Love the picture! Great job Kerry!!!!


----------



## Catherine

We were back at the GP today.

About two weeks ago, skin on the end of one finger start to form little blister.  This blister would then turn white with no liquid inside.  Then skin started to peel.  The skin is now peeling on 9 fingers.  The remaining finger and one toe have a little blister.  The new skin is not smooth.  The unusual thing is the skin is NOT painfully and there is NO itching.

The gp suggested two week off swimming to see if the skin would improve. (K is not stopping swimming)  He doesn't not know what this.  He prescribed a steroid cream and gave a referral to a skin specialist.

We have had more blood tests due to dizziness.

K has completed a number of open water swims, the officials never allow her to remove the time device herself (it goes around her ankle), it appears they don't want to bend over.

K start 10 year on Friday.


----------



## my little penguin

Ds had this 
It affects his feet more ( toes )
Deep blisters 
Let me look it up and post a link


----------



## my little penguin

http://m.medlineplus.gov/ency/article/000832.htm

This is it mostly not itchy
Hope the dermo has answers 
He uses three different creams and steriods on it


----------



## Catherine

This is what it looks like.

http://healthh.com/wp-content/uploads/2014/06/exfoliative-keratolysis-pictures-4.jpg


----------



## CarolinAlaska

makes me think of a form of eczema


----------



## upsetmom

Catherine my daughter had this a about a year ago, it started on her hands and then her feet. She was prescribed steriod cream but it still took a awhile to clear up. All the skin peeled off before it started clearing up. We were told it could take up to a year but luckily it cleared up sooner. My daughters blisters seemed to spread by the hour. There's a picture here..http://www.crohnsforum.com/showthread.php?t=48832


----------



## my little penguin

Yep that was what Ds did
Hands /fingers peeled
And deep blisters on the sides of the toes


----------



## Catherine

MLP, does swimming make it worse?

Have you used a steroid cream?

She has a couple of deep blisters between her big toes.  We didn't think this was the same thing.  They were caused by thongs.


----------



## my little penguin

He uses kenalog which is strong for his hands and toes 
One week on
One week off
After a month it was gone for a while
We were told it comes back in summer
And should stop after puberty


----------



## my little penguin

Oh and the deep blisters on his toes had many layers and would later bleed below the surface
Once we started treating it all got better even with swimming


----------



## Catherine

All K blood test have come back normal but the levels have mostly dropped since stopping iron.

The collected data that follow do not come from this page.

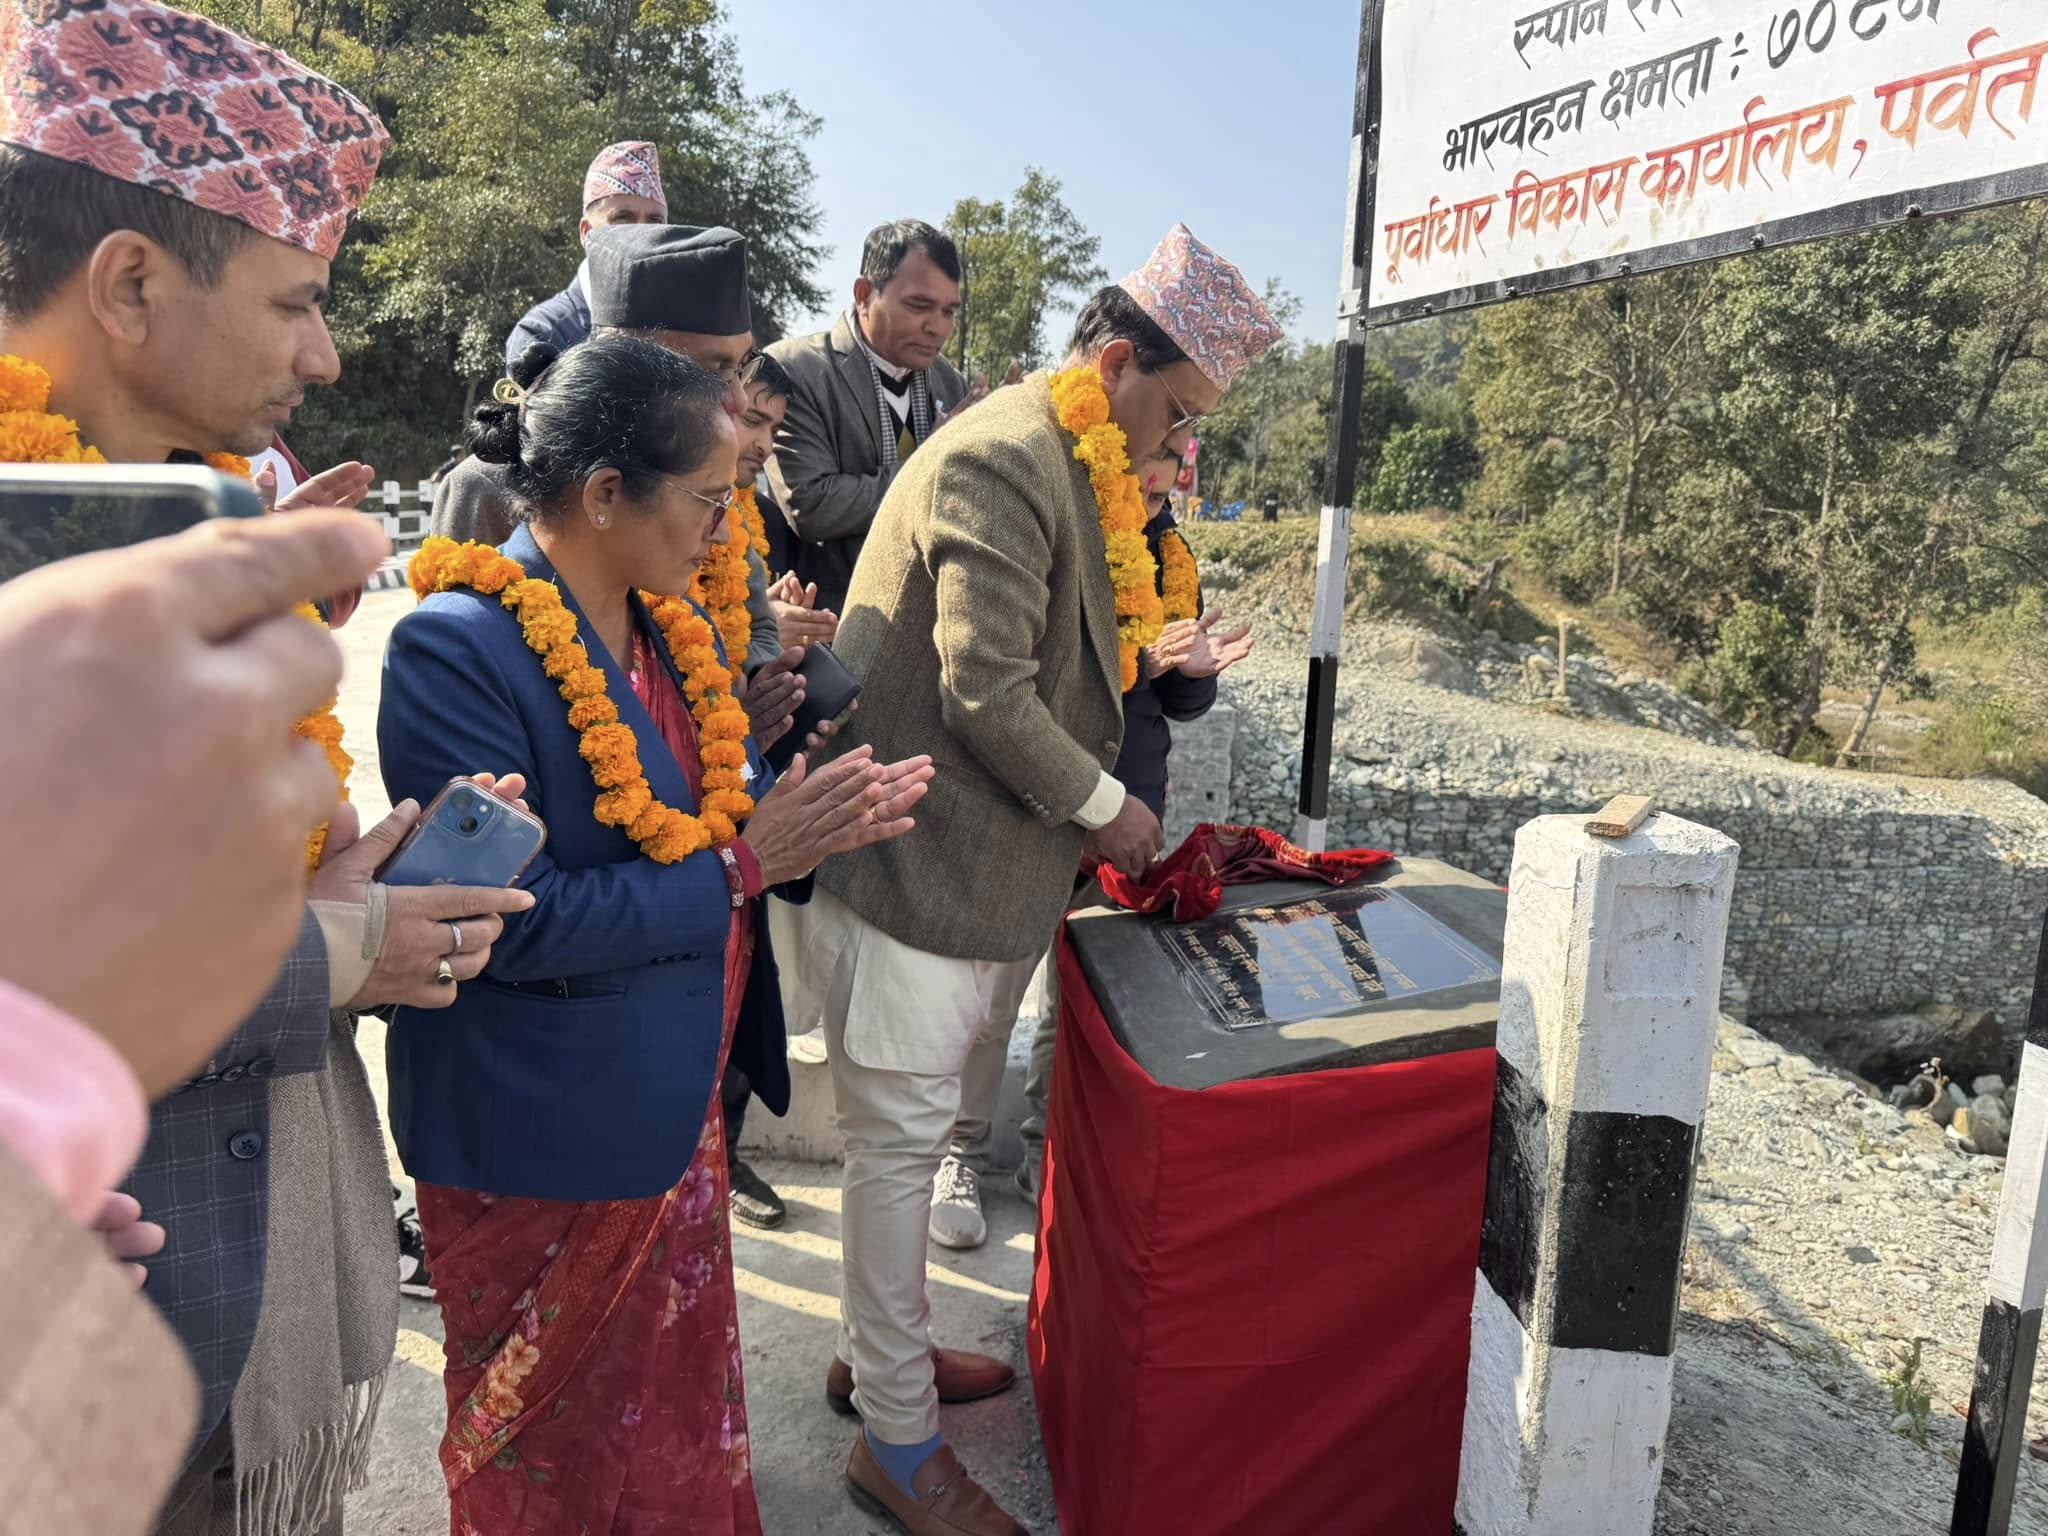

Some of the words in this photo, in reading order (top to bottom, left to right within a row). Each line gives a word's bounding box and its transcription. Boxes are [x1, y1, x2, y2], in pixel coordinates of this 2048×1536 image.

[1384, 195, 1501, 285] पूर्वाधार
[1505, 155, 1641, 242] विकास
[1639, 94, 1868, 209] कार्यालय,
[1874, 26, 2048, 151] पर्वत
[1443, 79, 1598, 173] भारवहन

Ferritin is 23 ng/mL  (20-200)
Hemoglobin is 12.8 

Vitamin d 103 nmol/L (50-250). This is up due to supplements.

Vitamin B12 281 pmol/L (200-700).  This had dropped from 369, 12 months ago.


----------



## Catherine

upsetmom said:


> Catherine my daughter had this a about a year ago, it started on her hands and then her feet. She was prescribed steriod cream but it still took a awhile to clear up. All the skin peeled off before it started clearing up. We were told it could take up to a year but luckily it cleared up sooner. My daughters blisters seemed to spread by the hour. There's a picture here..http://www.crohnsforum.com/showthread.php?t=48832


Your daughter's looks more severe.  K is now on all fingers but so far has stayed above the top joint.


----------



## Catherine

Had a call from nurse school today, K come out a rash with minutes of sitting grass.

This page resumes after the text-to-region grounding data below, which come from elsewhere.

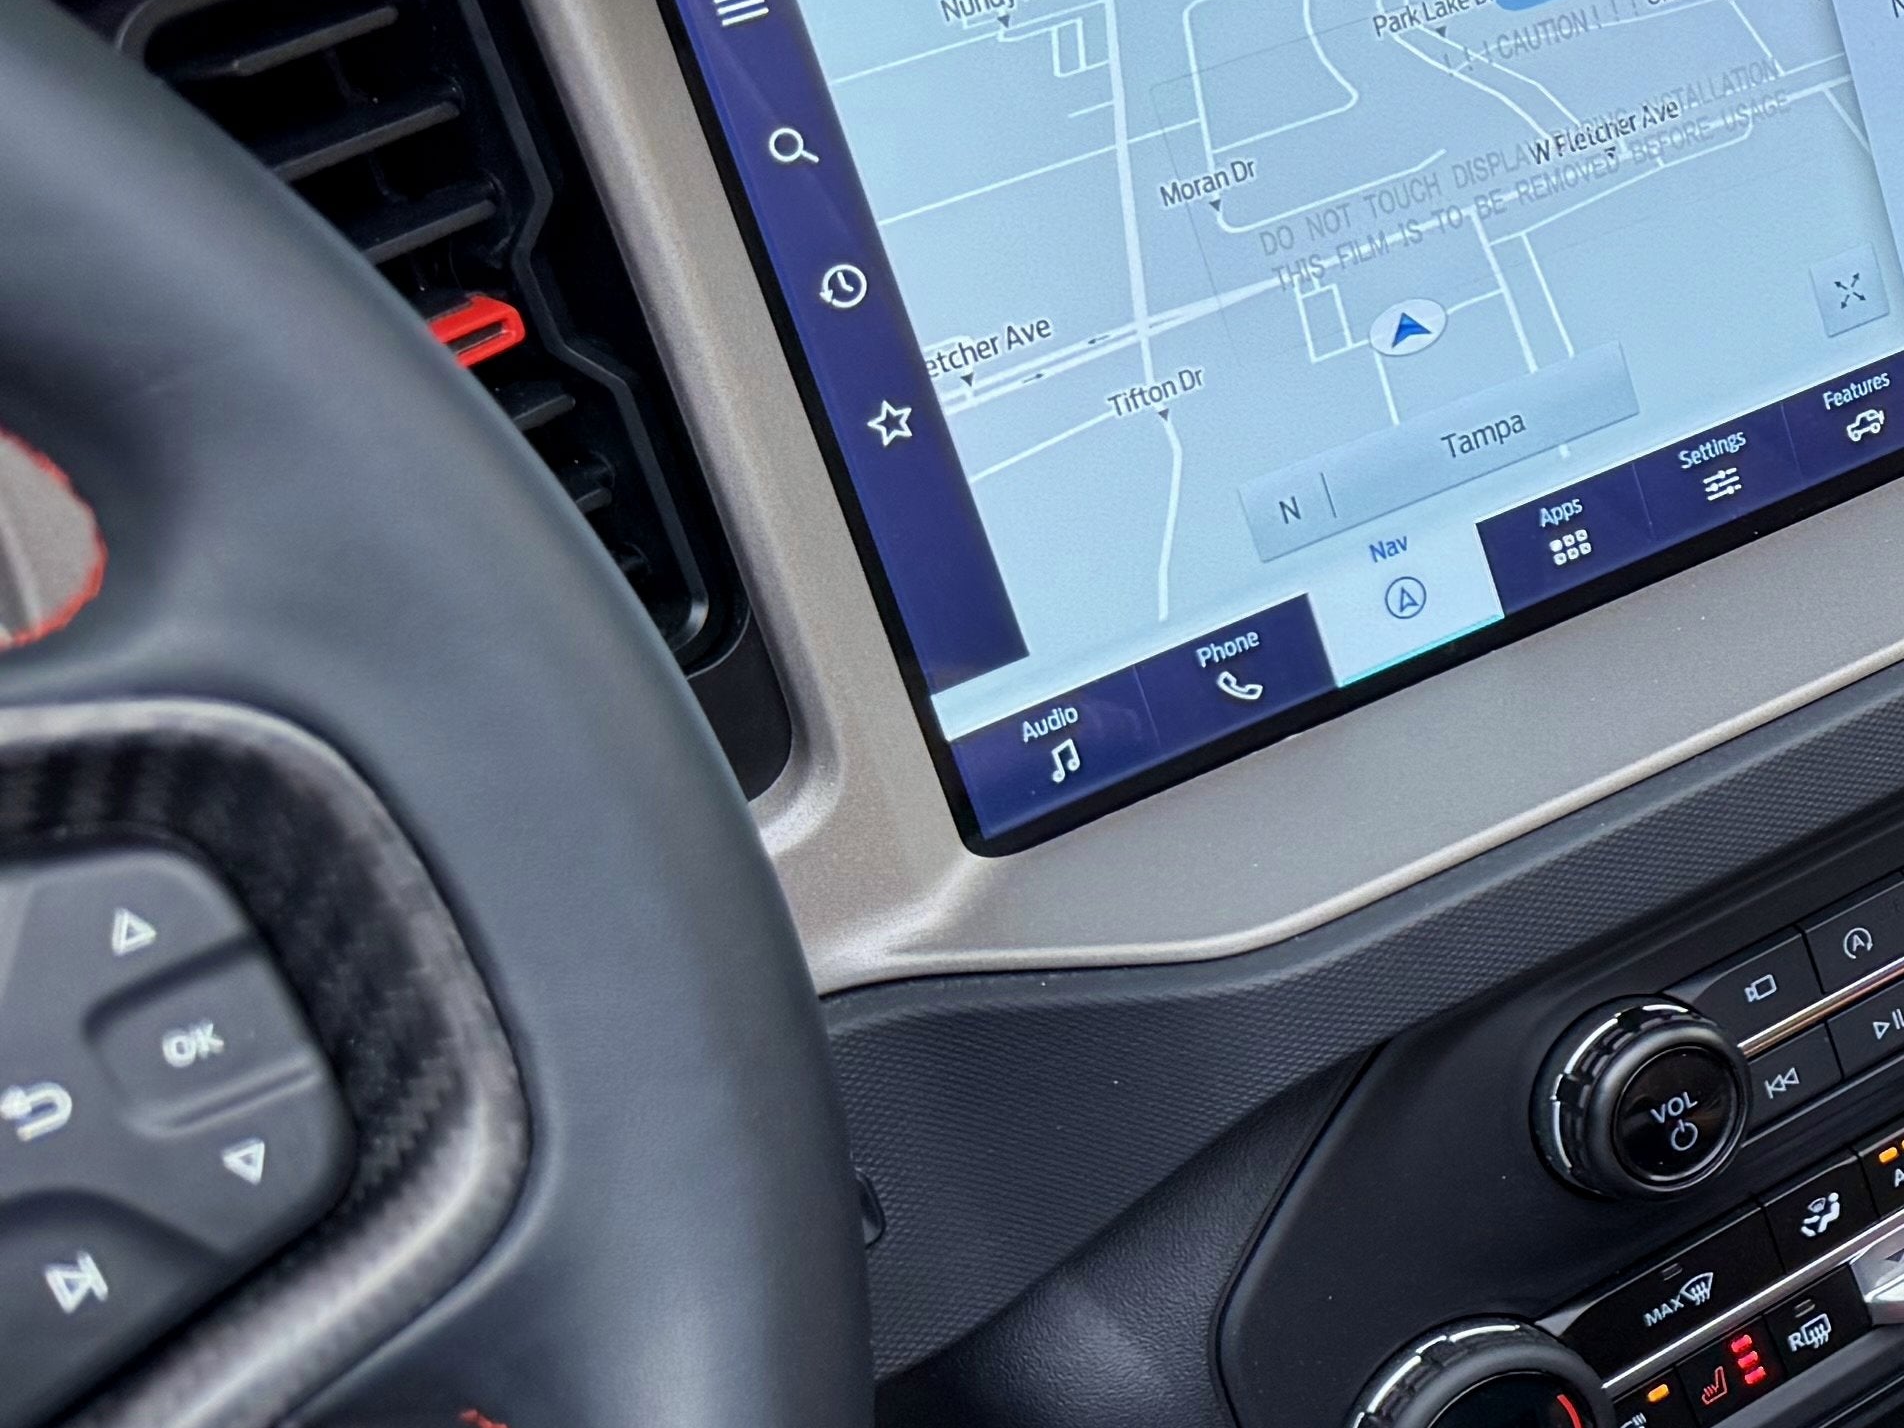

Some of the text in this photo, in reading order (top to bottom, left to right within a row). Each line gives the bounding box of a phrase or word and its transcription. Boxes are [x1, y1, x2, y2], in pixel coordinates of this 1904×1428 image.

[1373, 9, 1420, 37] Park
[1530, 100, 1680, 165] W Fletcher Ave
[1160, 158, 1256, 209] Moran Dr
[1272, 89, 1790, 292] THIS FILM IS TO BE REMOVED BEFORE USAGE
[1259, 225, 1294, 257] DO
[1305, 203, 1352, 241] NOT
[1364, 174, 1442, 220] TOUCH
[1007, 319, 1051, 351] Ave
[1108, 366, 1204, 418] Tifton Dr
[1823, 371, 1891, 411] Features
[1441, 412, 1527, 461] Tampa
[1679, 430, 1747, 472] Settings
[1279, 496, 1302, 524] N
[1539, 499, 1584, 530] Apps
[1370, 534, 1409, 564] Nav
[1198, 629, 1260, 668] Phone
[1022, 703, 1080, 744] Audio
[162, 1019, 224, 1068] OK
[1650, 1091, 1698, 1125] VOL
[1644, 1295, 1683, 1328] MAX

Made the first available appointment with the skin specialist which is 1st May.


----------



## my little penguin

Does she have pollen allergies or grass allergies ?
I know my DS would be covered in a rash of he even fell in the grass


----------



## Catherine

I need to check with k.
- mild suncream allergy
- mild bandaid allergy
- mild grass allergy only in spring.

This is the strongest reaction that she ever had.  She was kneeling on the grass while putting up a tent.  Prior to this time she only got pin size spots which didn't worsen once of the grass.  The reaction has only previously occurred spring.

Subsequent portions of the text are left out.